Exact copies of all entries are needed. Pictures are to be left out.

(Stored data entries)
- - - - - - -

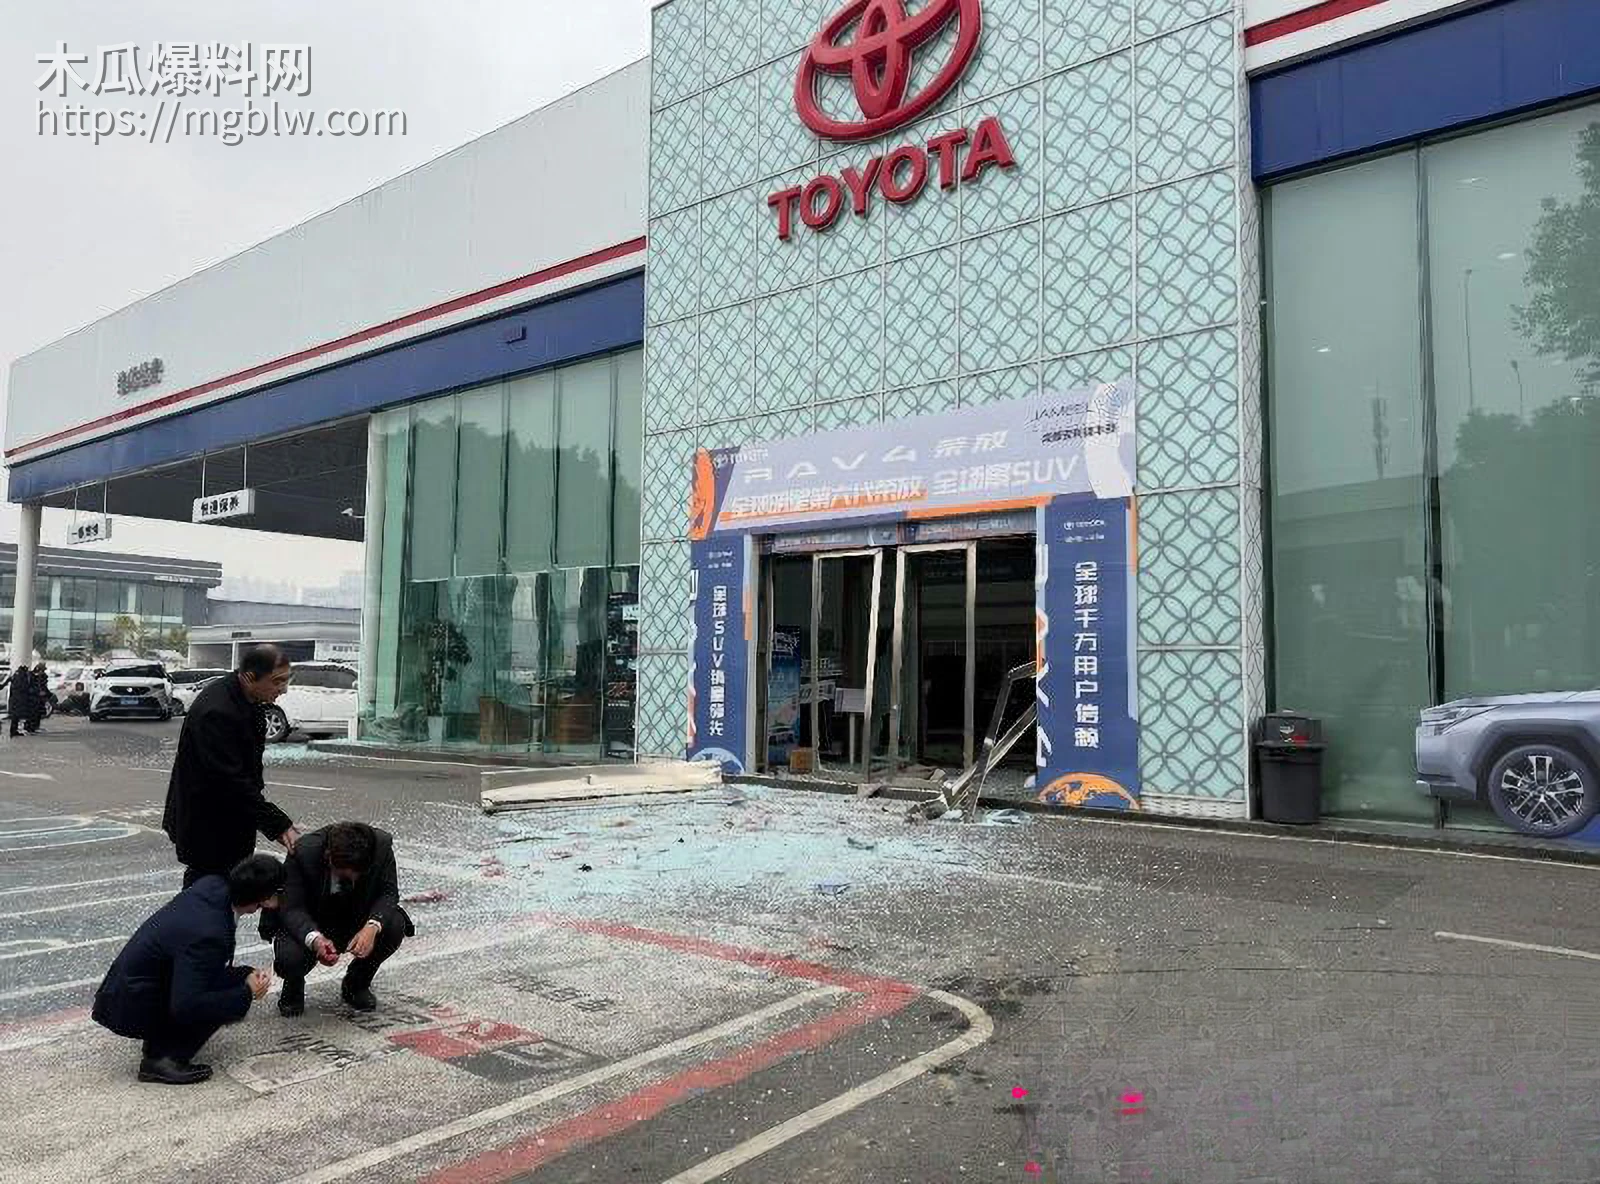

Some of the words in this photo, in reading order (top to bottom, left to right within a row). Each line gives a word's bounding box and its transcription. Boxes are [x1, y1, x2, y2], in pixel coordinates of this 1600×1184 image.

[767, 116, 1015, 241] TOYOTA
[1073, 561, 1099, 748] 全球千万用户信赖
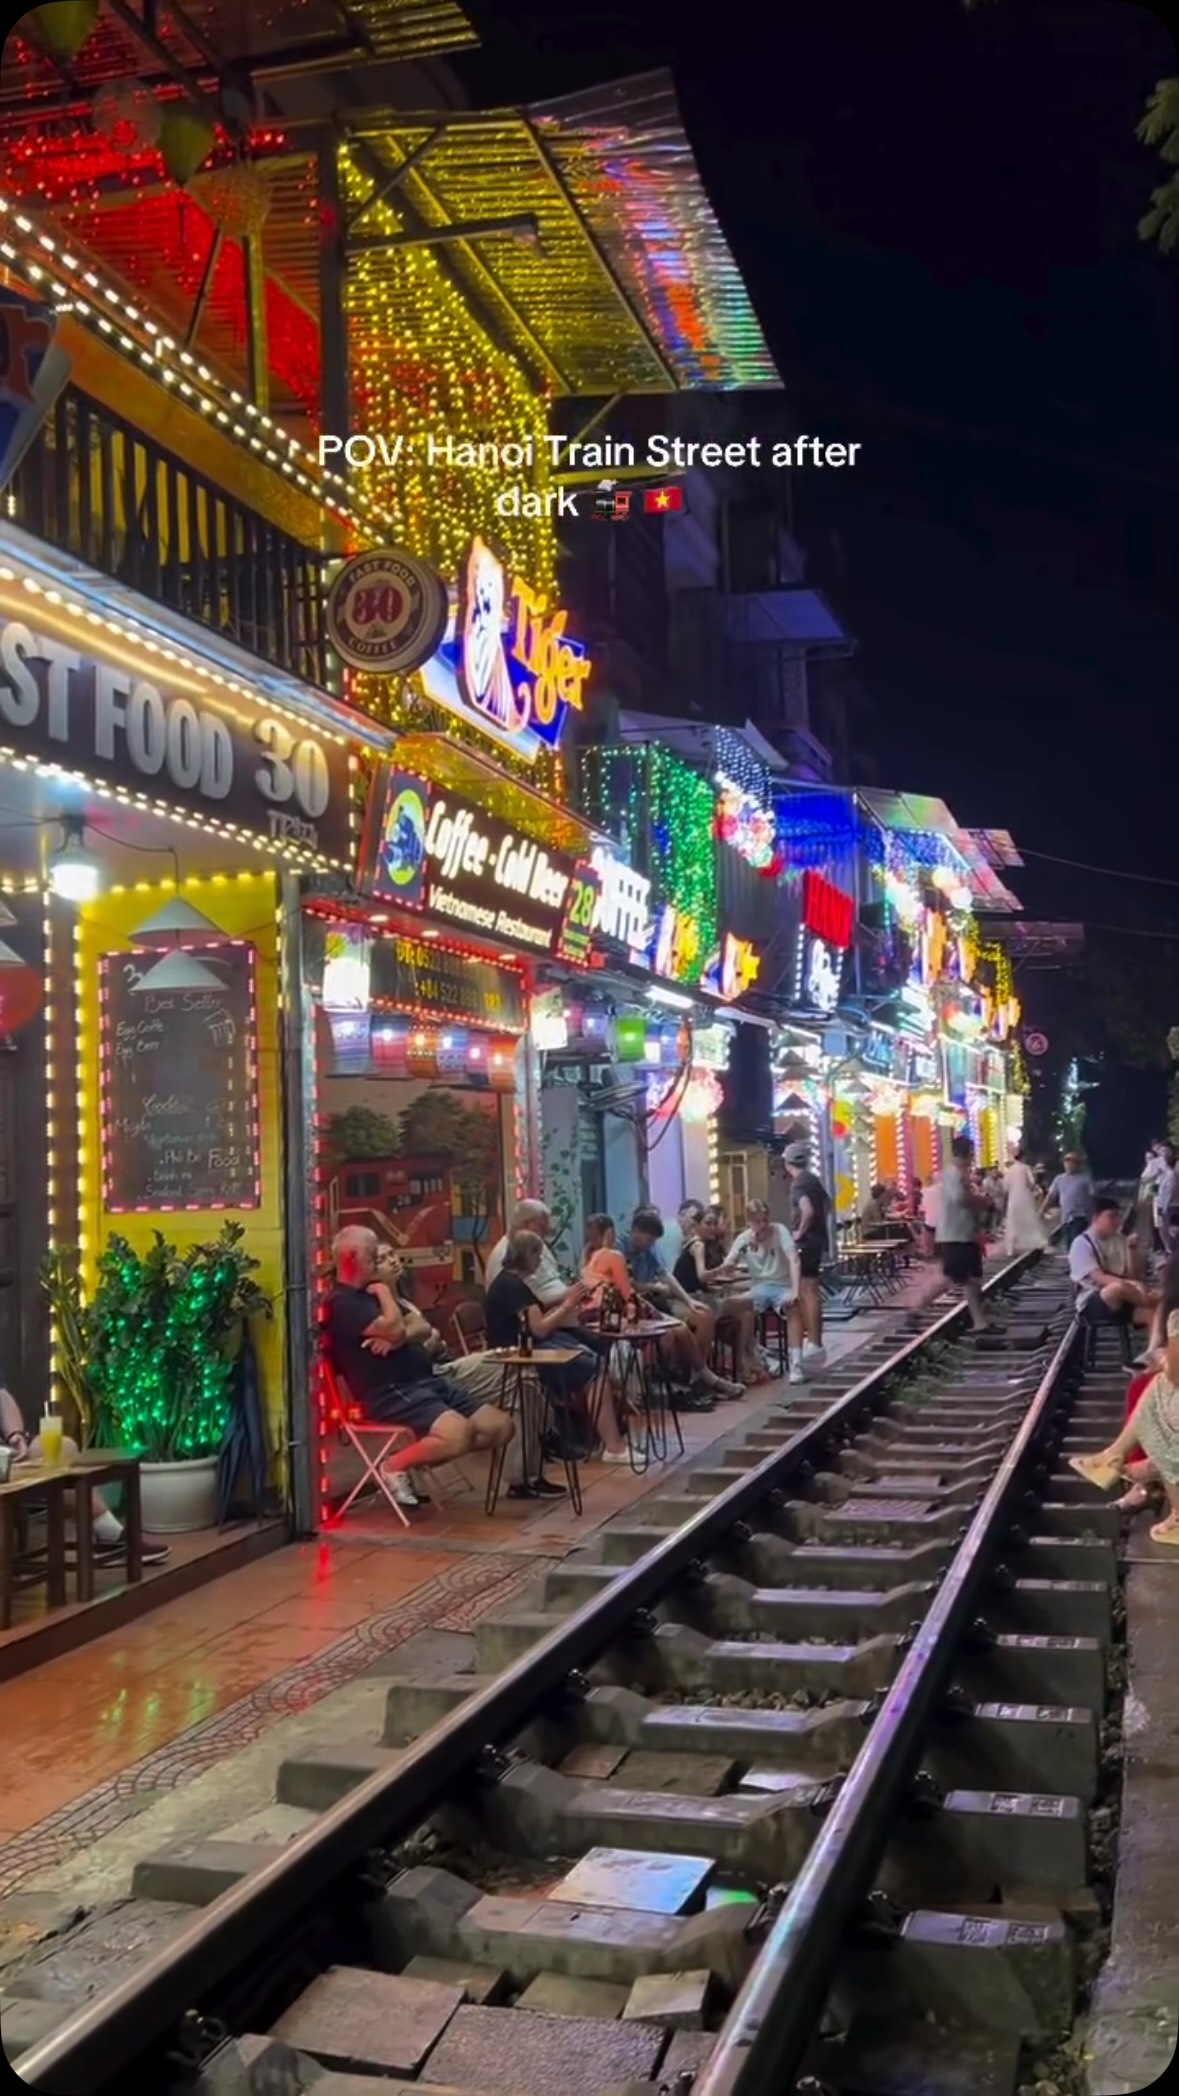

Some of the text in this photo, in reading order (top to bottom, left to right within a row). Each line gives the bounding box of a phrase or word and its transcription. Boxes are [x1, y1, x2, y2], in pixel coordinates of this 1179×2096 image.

[349, 560, 416, 587] FAST FOOD
[347, 636, 397, 655] COFFEE
[511, 574, 591, 724] Tiger
[94, 661, 235, 800] FOOD
[254, 718, 330, 818] 30
[425, 800, 490, 880] Coffee
[429, 883, 496, 930] Vietnamese
[494, 910, 553, 948] Restaurant
[569, 880, 595, 928] 28

- - - - - - -

● Response:
Some of the words in this photo, in reading order (top to bottom, left to right within a row). Each line gives a word's bounding box and its transcription. Boxes are [x1, y1, x2, y2], in pixel coordinates of this 1600×1184 image.

[767, 116, 1015, 241] TOYOTA
[1073, 561, 1099, 748] 全球千万用户信赖

Some of the text in this photo, in reading order (top to bottom, left to right within a row). Each line gives the bounding box of a phrase or word and its transcription. Boxes are [x1, y1, x2, y2], in pixel coordinates of this 1179×2096 image.

[349, 560, 416, 587] FAST FOOD
[347, 636, 397, 655] COFFEE
[511, 574, 591, 724] Tiger
[94, 661, 235, 800] FOOD
[254, 718, 330, 818] 30
[425, 800, 490, 880] Coffee
[429, 883, 496, 930] Vietnamese
[494, 910, 553, 948] Restaurant
[569, 880, 595, 928] 28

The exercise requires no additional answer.